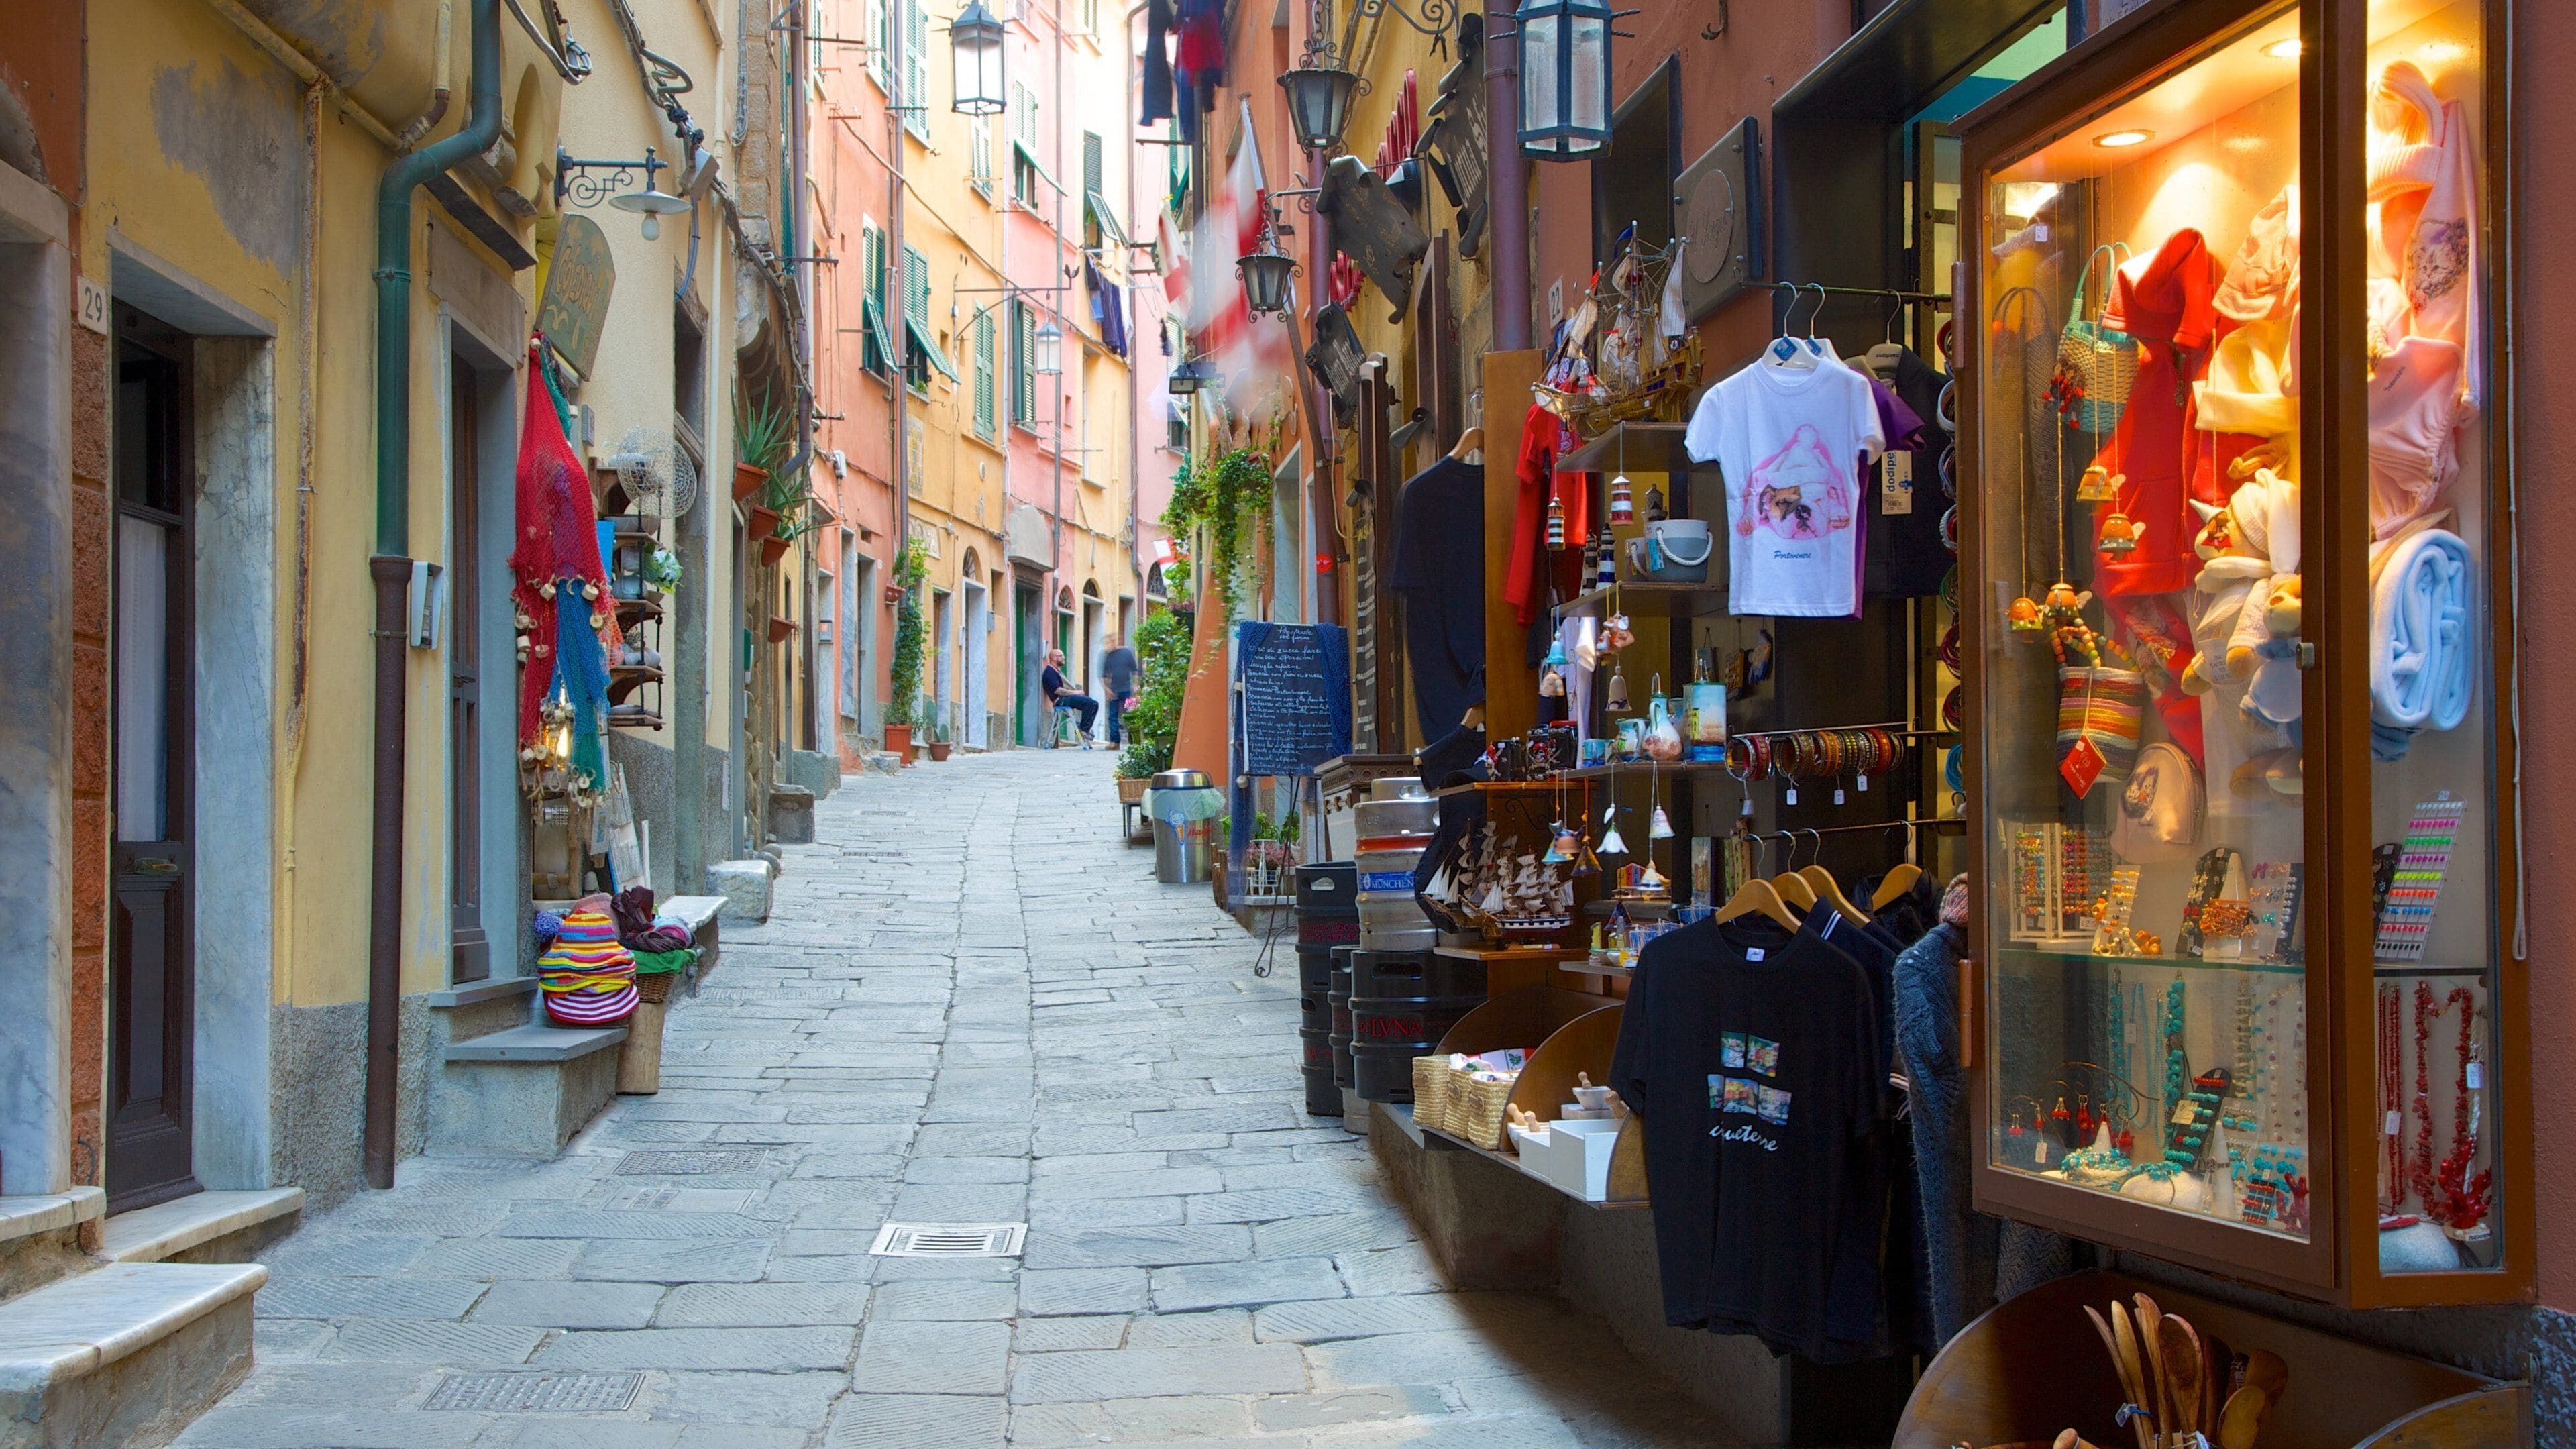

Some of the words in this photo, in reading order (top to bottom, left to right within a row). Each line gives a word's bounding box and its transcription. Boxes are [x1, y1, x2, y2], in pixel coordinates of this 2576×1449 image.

[85, 286, 102, 322] 29
[1551, 286, 1560, 320] 22
[1370, 1018, 1426, 1038] LVNA
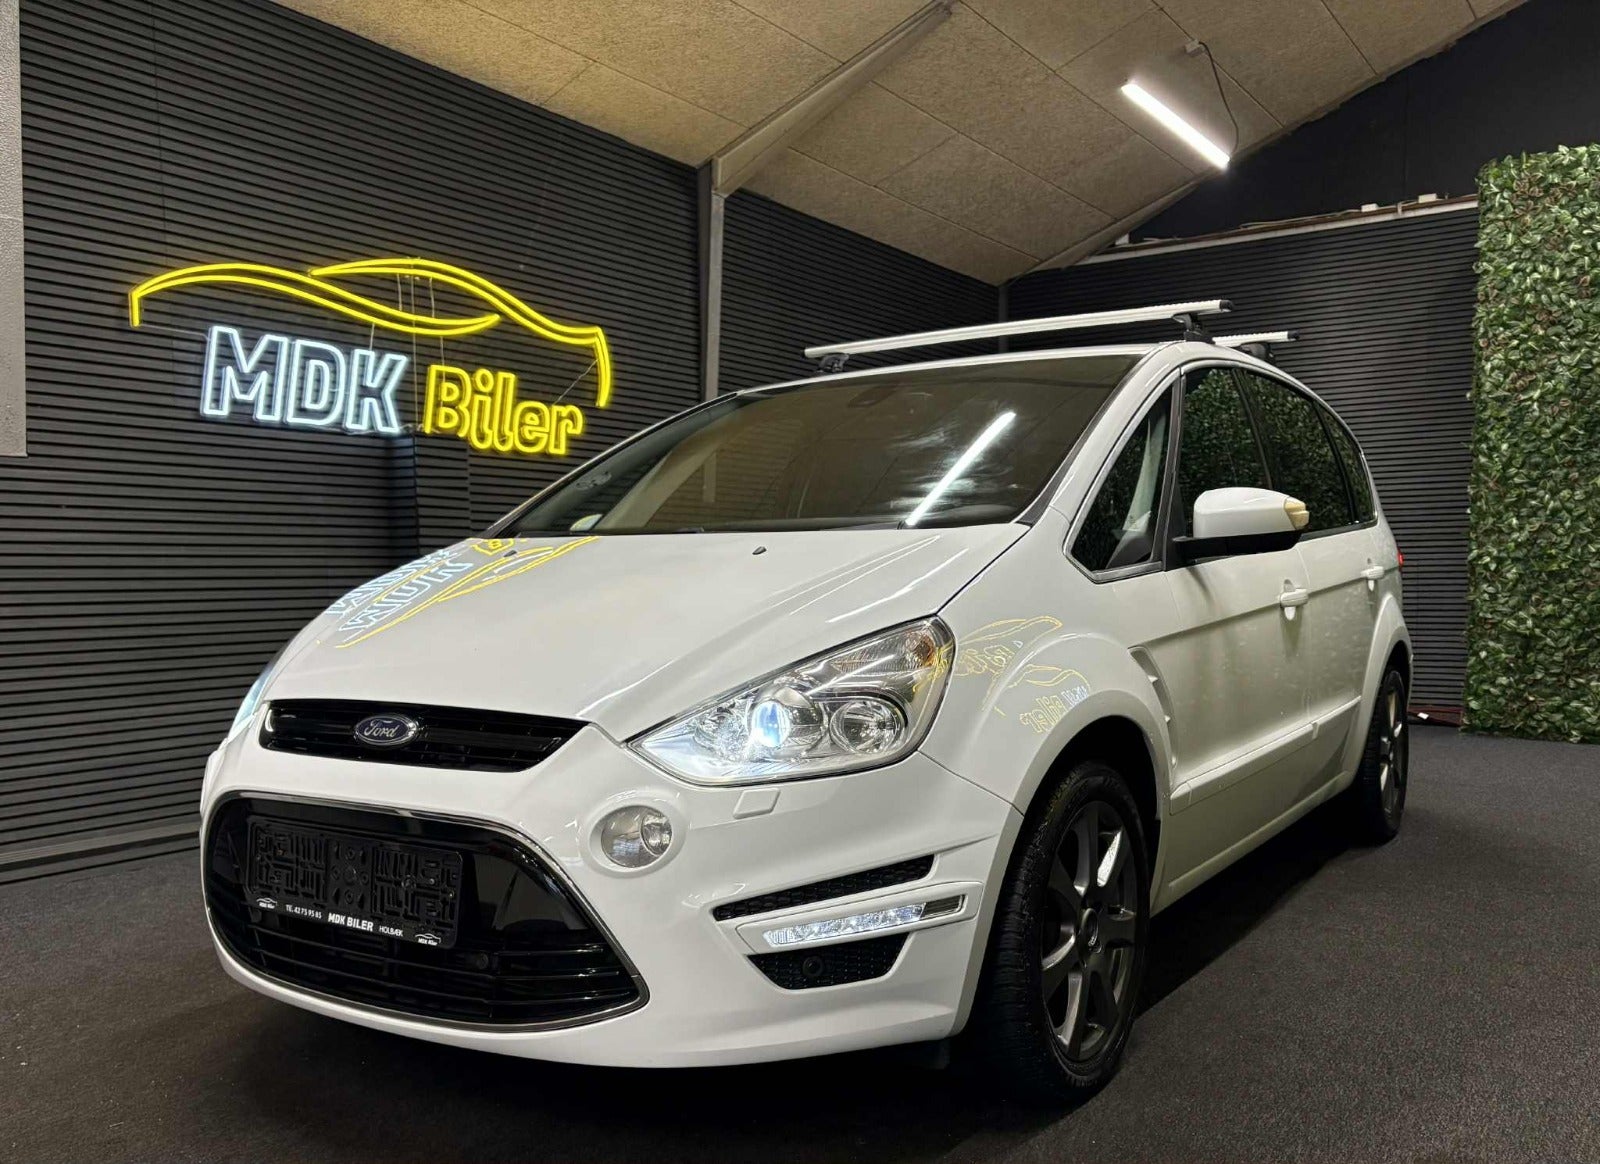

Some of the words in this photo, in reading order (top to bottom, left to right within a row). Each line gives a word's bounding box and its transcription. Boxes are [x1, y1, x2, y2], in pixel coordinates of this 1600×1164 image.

[201, 324, 408, 434] MDK
[423, 363, 584, 456] Biler
[363, 720, 400, 737] Ford
[327, 912, 346, 925] MDK
[346, 916, 374, 932] BILER
[379, 925, 403, 936] HOLBÆK

| ACTION ITEM |
Make an exact copy of the listing above. Do not include the pictures.

| SOLUTION TO THE PROBLEM |
Some of the words in this photo, in reading order (top to bottom, left to right within a row). Each line gives a word's bounding box and its transcription. Boxes are [x1, y1, x2, y2], in pixel coordinates of this 2576×1449 image.

[85, 286, 102, 322] 29
[1551, 286, 1560, 320] 22
[1370, 1018, 1426, 1038] LVNA

Some of the words in this photo, in reading order (top to bottom, left to right within a row). Each line gives a word's bounding box and its transcription. Boxes are [x1, y1, x2, y2], in pixel coordinates of this 1600×1164 image.

[201, 324, 408, 434] MDK
[423, 363, 584, 456] Biler
[363, 720, 400, 737] Ford
[327, 912, 346, 925] MDK
[346, 916, 374, 932] BILER
[379, 925, 403, 936] HOLBÆK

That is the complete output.